There was a time when the Garden Tomb was widely regarded as a more likely candidate for the real tomb of Jesus than the venerated tomb now encased in the Church of the Holy Sepulcher. Actually, the evidence is pretty strong that the Holy Sepulcher site is the right one; it’s just really hard to imagine the tomb as it was in Jesus’ day due to the fact that it’s been built over and almost grotesquely decorated over the centuries.
The Garden Tomb was set forth as an alternate resurrection site only in the 19th century. It is almost certainly not the right place—the style of the tomb is more like that of the period of the kings of Israel than the tombs of the time of Jesus. It also has no pedigree, history of claim, as being the right place.
But is does have this: it feels right. The British curators, who no longer claim that this is the right tomb do indeed maintain the area much as it would have looked in Jesus’ time. In that way, it evokes the drama of the gospel account better than the traditional site does.

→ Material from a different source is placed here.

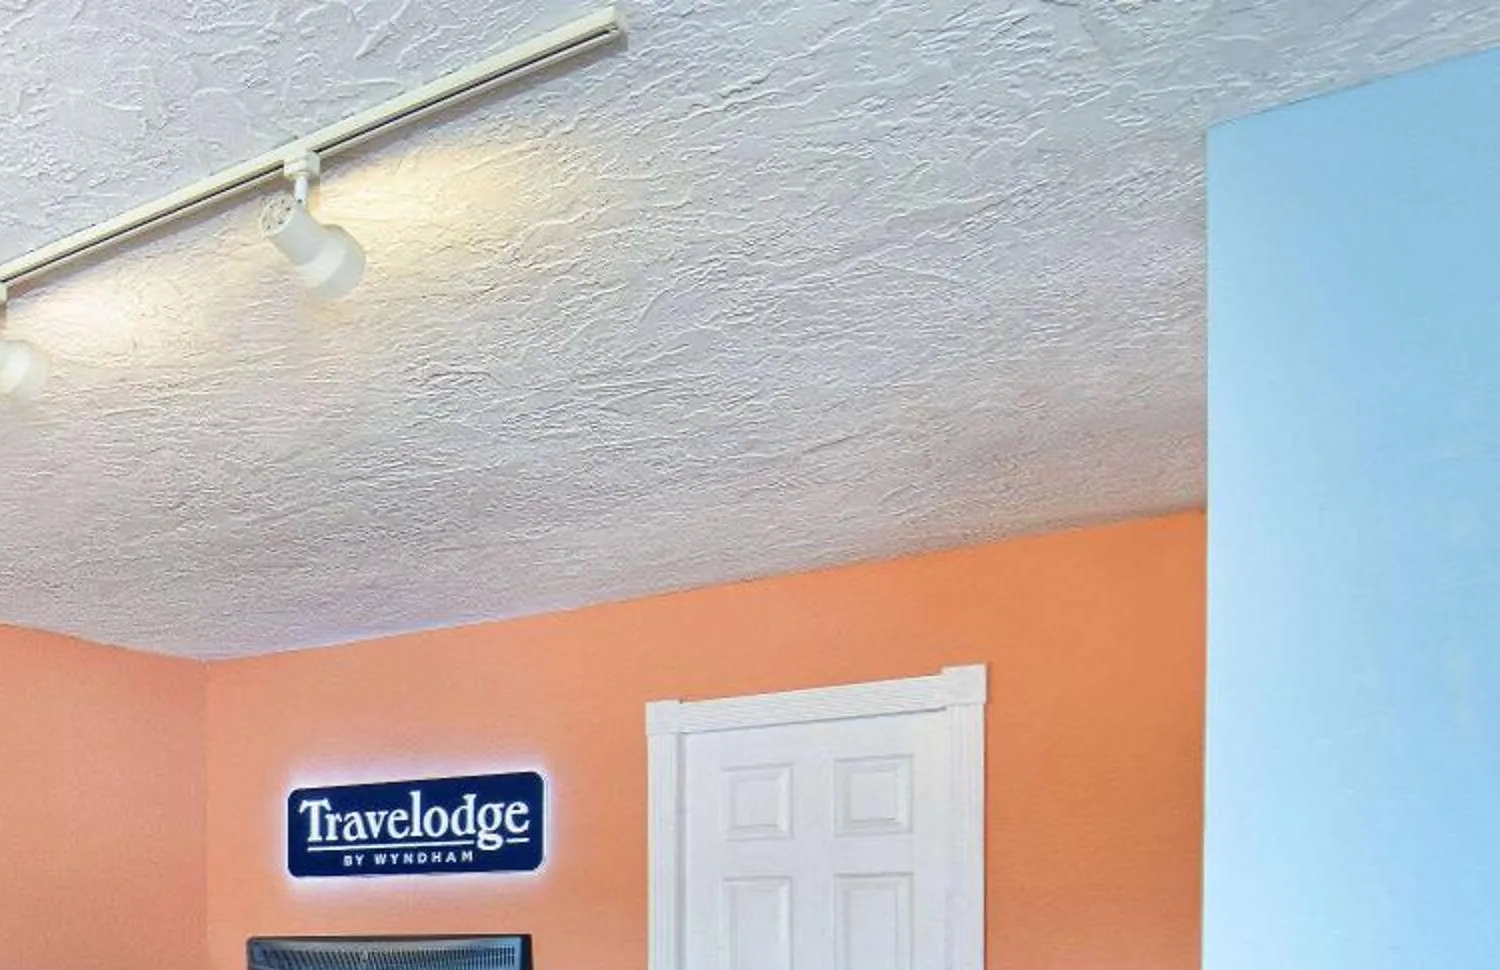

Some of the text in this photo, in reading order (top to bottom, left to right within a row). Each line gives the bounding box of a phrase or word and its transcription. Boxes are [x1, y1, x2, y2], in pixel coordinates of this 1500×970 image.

[299, 790, 530, 850] Travelodge
[343, 851, 473, 866] BY WYNDHAM

The door to the tomb is a craggy opening that has been hacked larger than it would have been in ancient times. In front of that door is a cut furrow in the stone pavement designed to allow a round stone cover to seal the tomb. That stone on this site has never been recovered; it was probably broken up at some point in the past to be made into smaller stones for other purposes.
It was with a sense of awe that we entered the tomb. Even though I had that little voice in my head reminding that this wasn’t likely to be the right place, the atmosphere is so evocative of the gospel story that it didn’t take much to be moved. It was as if we’d stepped from the last year of the 20th century into the 1st century AD, and that we could expect to see the Roman guards pass out, the angels speak to the women and to see Peter and John come running.
It’s not likely that you will pass through a door and find yourself in 30 AD. But it is very likely that what happened here, in this place that year can reach out and completely transform your world. That stone that sealed in Jesus was tossed aside by the power of God. And God still moves stones today: stones of fear, doubt, worry, anger and suffering.
We all have stones that weigh us down. They do not have to stay there. The resurrection of Jesus reminds us that the power of God that was seen in raising Jesus up from the dead it “at large” in the world today.
What’s the stone that has you down? It is some hurt, habit or hang-up that’s keeping down, in defeat, in pain, in self-hatred? Jesus can move that stone. Folks, never ever forget this: He still moves stones today! Bring your stone to Him and let Him roll it away today!
Want to know more? I highly recommend The Weekend That Changed the World: The Mystery of Jerusalem’s Empty Tomb by British Bible scholar Peter Walker. I actually bought my copy at the Garden Tomb Book Store, but you can get it at Amazon.com or Christianbooks.com.